By now her works were being published (at first not in Jane's own name) and hence scrutinised. Although given that over half of the population were illiterate and printed books were very expensive to buy, the readership was probably a limited circle of literati. Mansfield Park had a print run of 1,250 and made her £320, the most in her lifetime.
"Emma begun Jany 21st 1814, finished March 29th 1815" wrote Jane's sister Cassandra. This is the only book with which I have at least a passing acquaintance. I find Jane's eponymous heroine simply annoying. I'm not the only one; Austen herself wrote "I am going to take a heroine whom no one but myself will much like." So a bold move. But one that worked, according to Tomalin: "Emma, with its far from faultless heroine, is generally hailed as Austen's most perfect book, flawlessly carried out from conception to finish", "an indication of Austen's power to imagine experience outside her own". Jane collected the 'opinions' of others about the book - 43 of them, of which "only six gave unreserved praise". Seventeen said they preferred Pride and Prejudice.
[A survey by the Jane Austen Society of North America in 2008 showed Pride and Prejudice as the most popular (53%) of Austen's novels; 28% went for Persuasion, 7% for Emma, 5% for Sense and Sensibility and 4% each for Northanger Abbey and Mansfield Park]

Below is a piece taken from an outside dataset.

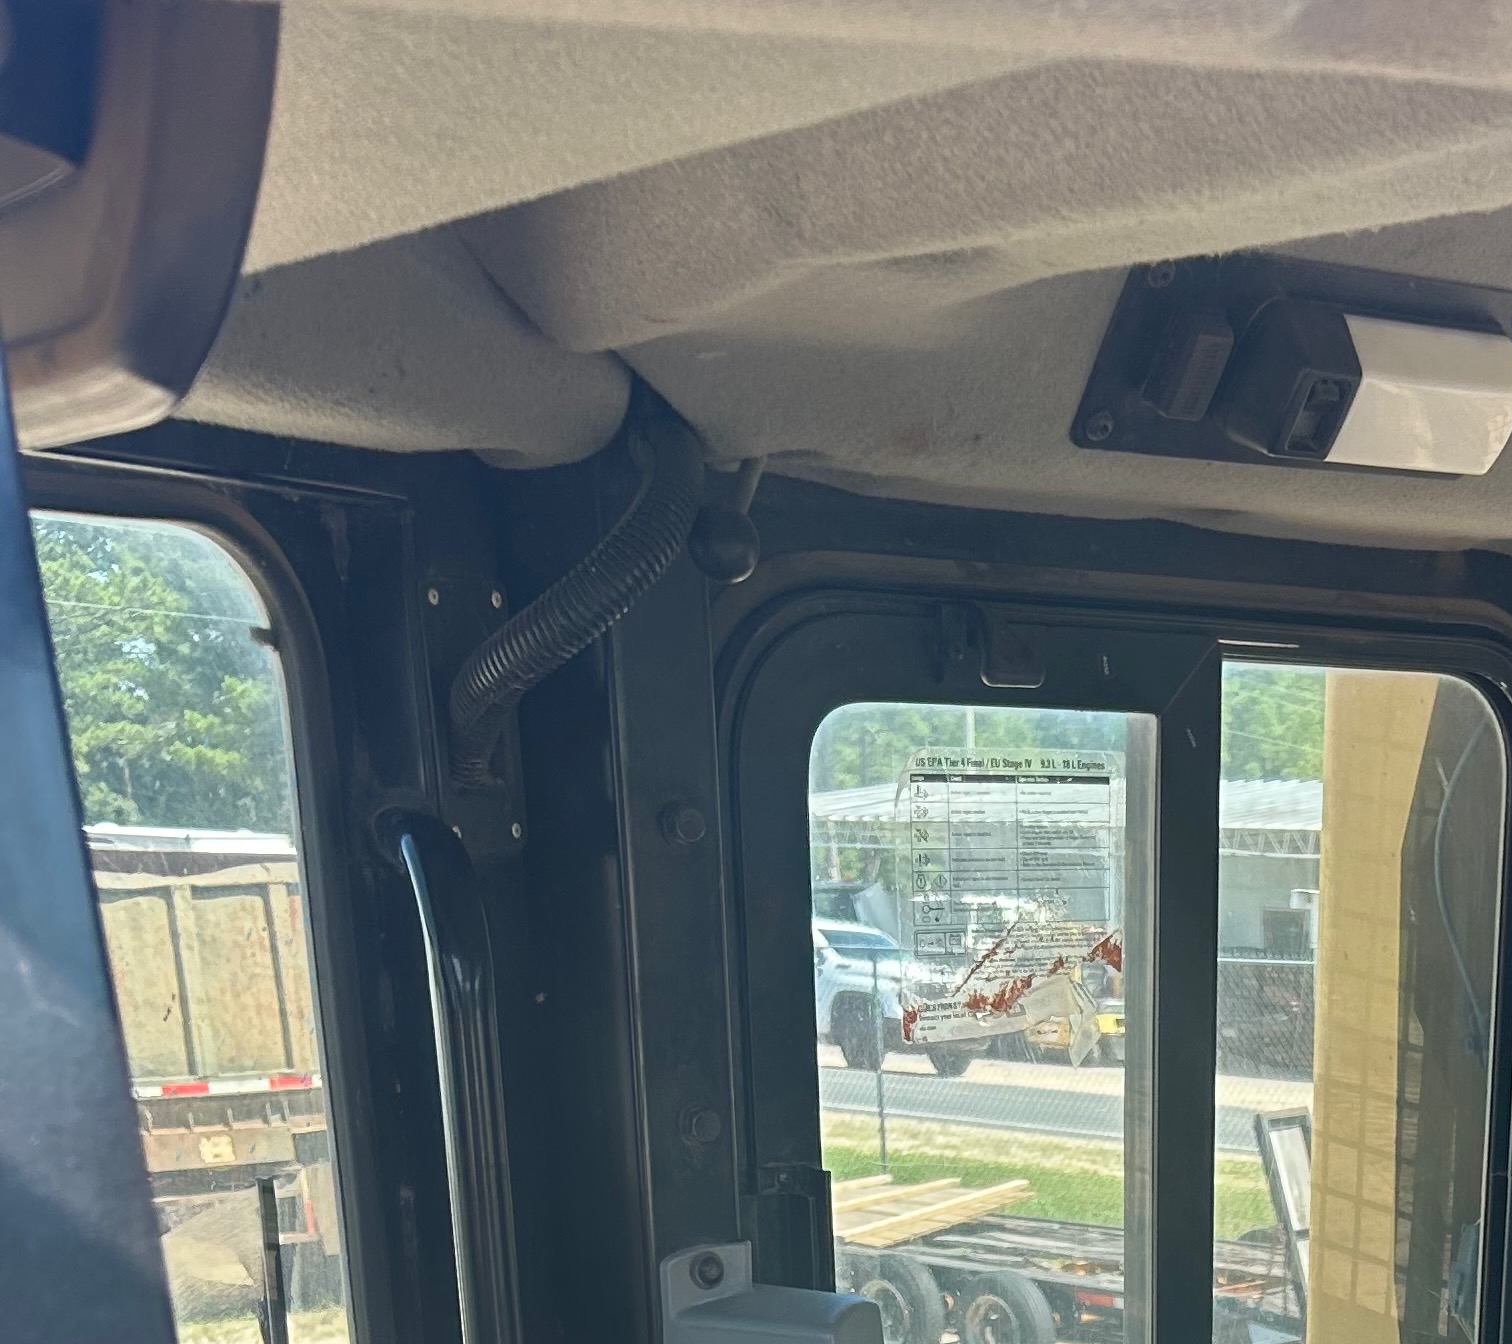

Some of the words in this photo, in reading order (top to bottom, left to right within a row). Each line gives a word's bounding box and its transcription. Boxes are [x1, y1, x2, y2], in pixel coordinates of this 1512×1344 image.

Early in 1816 Jane began to feel unwell but "She kept busy, working on 'The Elliots' - her working title for Persuasion". She finished it on 18 July, although she continued to do some re-writes. Tomalin sees it as " a present to....all women who had lost their chance in life and would never enjoy a second spring. "At once the warmest and coldest of Jane Austen's works, the softest and the hardest" wrote Reginald Farrer in 1917. "Years later Cassandra wrote wrote beside it in the margin of her copy of Persuasion the words 'Dear, dear Jane! This deserves to be written in letters of gold'". Tomalin's description of the novel moved me as no other part of this biography did.

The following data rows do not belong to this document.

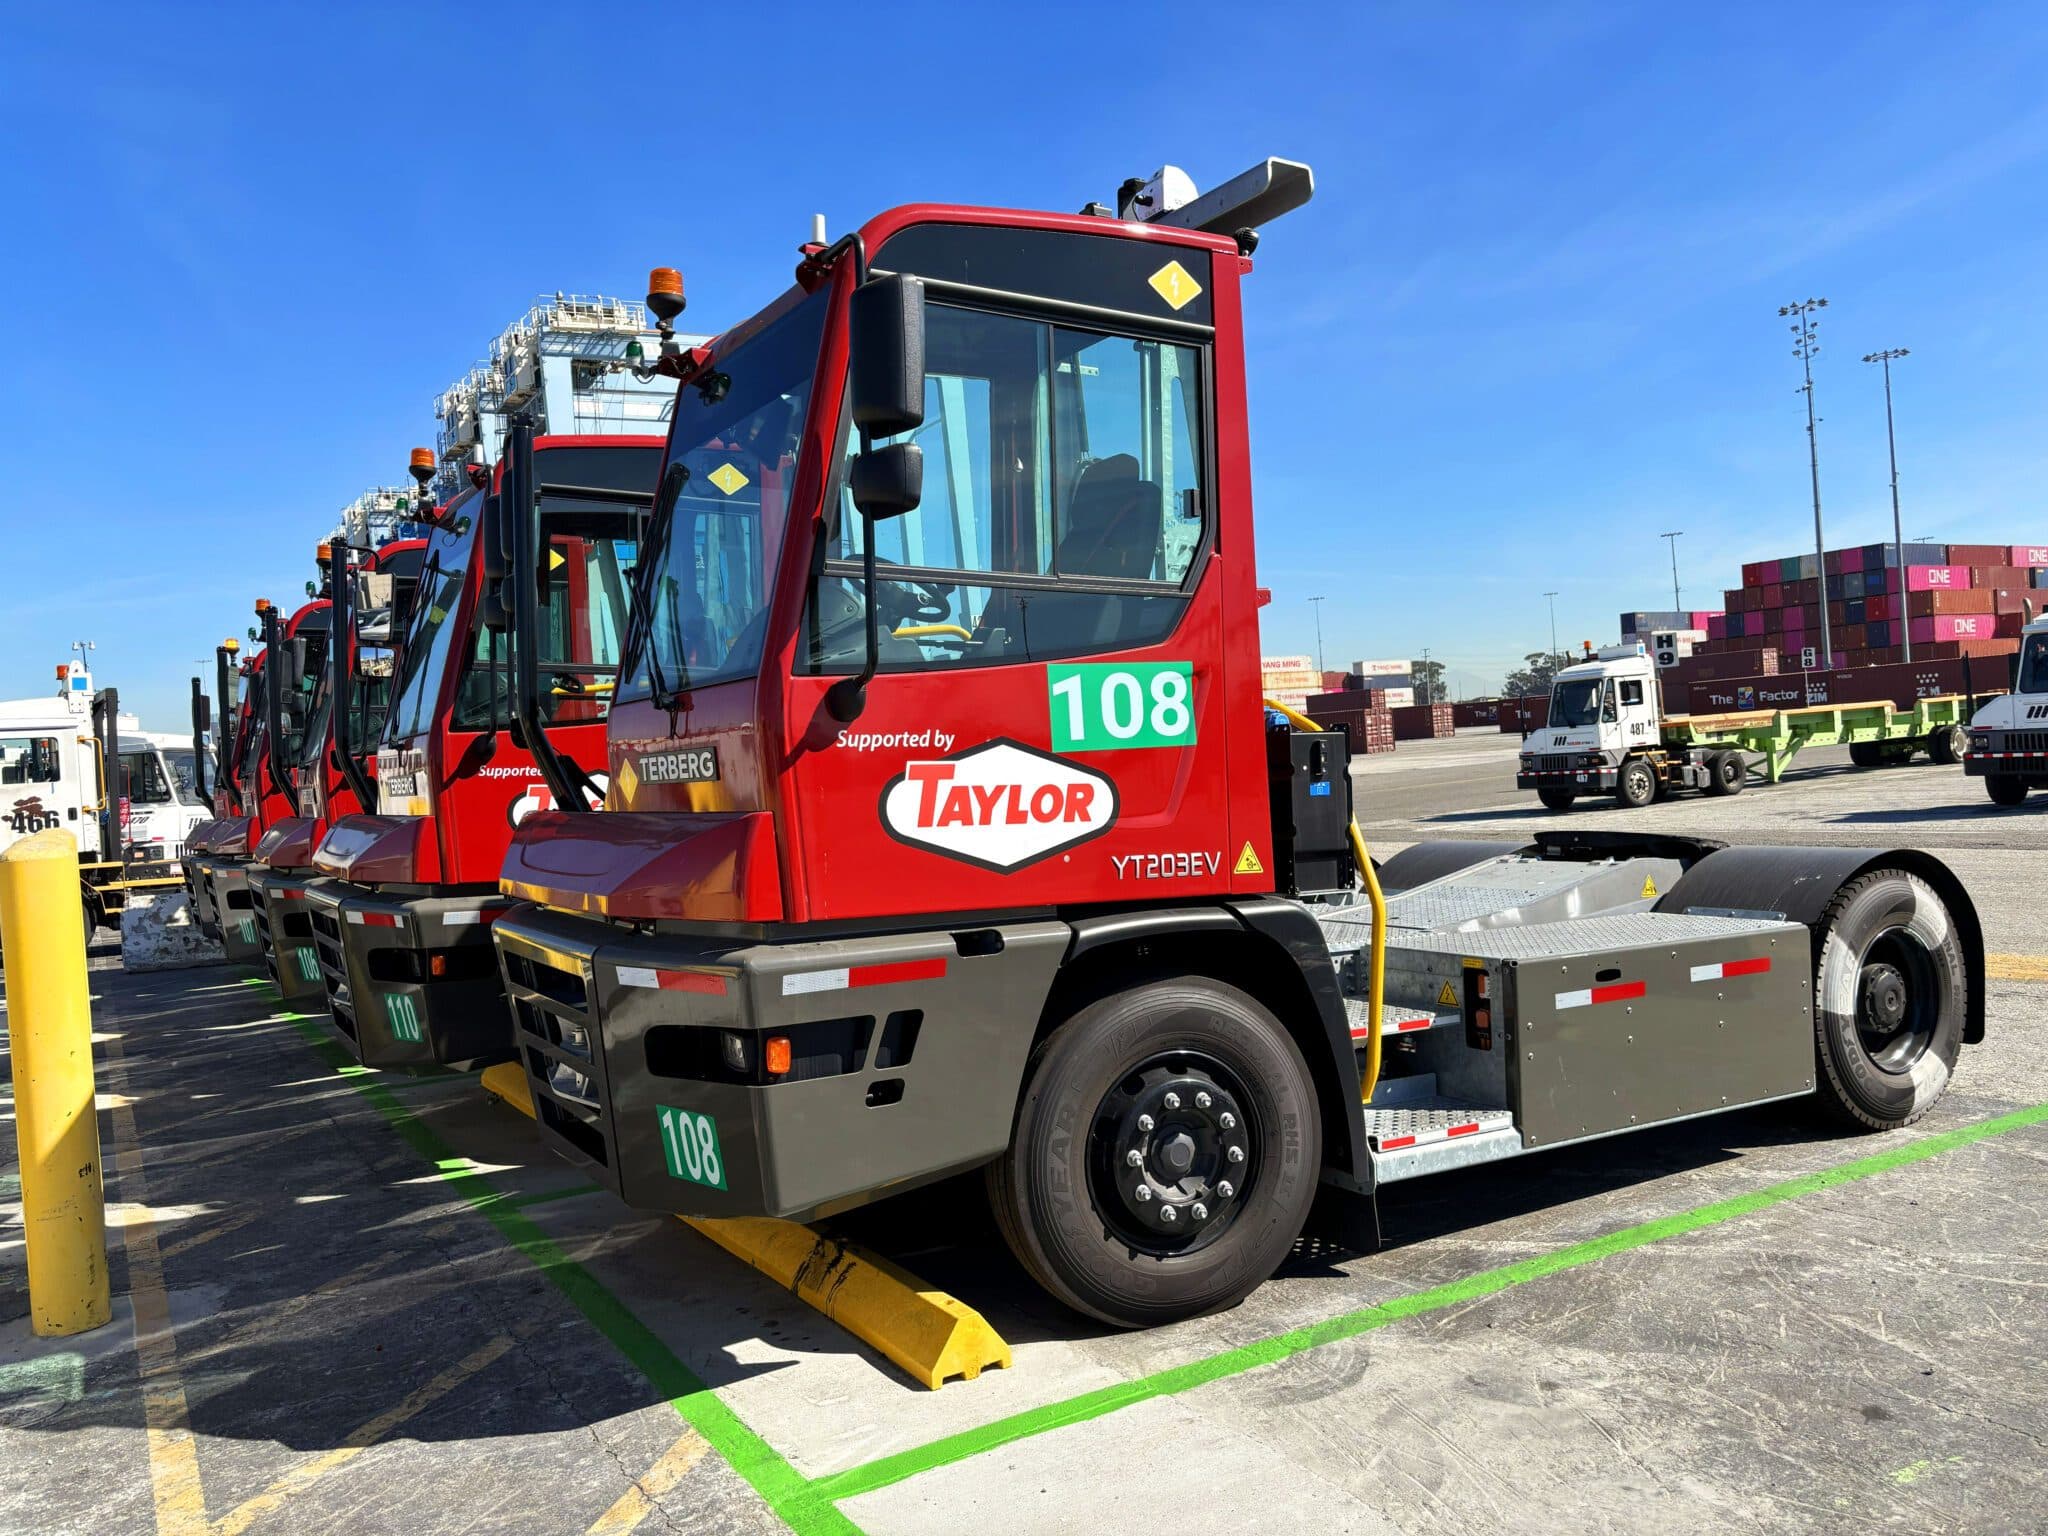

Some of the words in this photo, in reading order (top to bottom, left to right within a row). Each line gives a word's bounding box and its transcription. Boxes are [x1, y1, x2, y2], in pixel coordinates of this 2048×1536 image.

[2028, 549, 2048, 562] ONE
[1928, 569, 1951, 584] ONE
[1954, 618, 1977, 633] ONE
[1656, 634, 1674, 649] H
[1658, 651, 1675, 665] 9
[1803, 648, 1813, 658] G
[1262, 661, 1281, 669] YANG
[1282, 660, 1301, 668] MING
[1803, 658, 1813, 667] 8
[1051, 670, 1191, 741] 108
[1709, 694, 1734, 706] The
[1759, 690, 1800, 702] Factor
[1806, 692, 1828, 703] ZIM
[1629, 722, 1645, 736] 487
[836, 729, 932, 753] Supported
[934, 729, 955, 752] by
[639, 751, 715, 782] TERBERG
[388, 776, 414, 795] TERBERG
[907, 763, 1096, 829] TAYLOR
[10, 809, 60, 834] 466
[1111, 851, 1223, 880] YT203EV
[240, 917, 256, 944] 107
[297, 946, 321, 981] 106
[387, 995, 420, 1041] 110
[662, 1109, 721, 1186] 108

In January 1817, increasingly sick and frail, Jane started work on a new novel. When the unfinished work was published in 1925 it was entitled Sanditon. Jane passed away, apparently well prepared in her mind for the end of her short life, in July.
This is a magnificent biography, all the more so since there is so little source material from or about Jane Austen. I cannot deny I struggled much of the time, largely due to Tomalin having to include a great deal of contextual material about family, friends, neighbours and country life of the time. Did it achieve my goal of finding the real Jane? Probably not; she remains a mystery to me in many ways; she herself did not court fame and seems to have been immune to (even nervous of at first) any sense of popularity.
Nevertheless, I did enjoy reading it and also doing this - writing about it. I found that process gave me more insight. I don't pretend this is any more than a series of impressions; certainly not a review. I will leave the final words to two far better judges of Jane Austen than I:
Claire Tomalin: "I must return to...the person...who kept notes on what people said about her work, to read over to herself. This is my favourite image of Jane Austen, laughing at the opinions of the world".
Cassandra: "She was the sun of my life, the gilder of my pleasure, the soother of every sorrow, I had not a thought concealed from her".
I think Jane would have been happy to have either of those as an epitaph.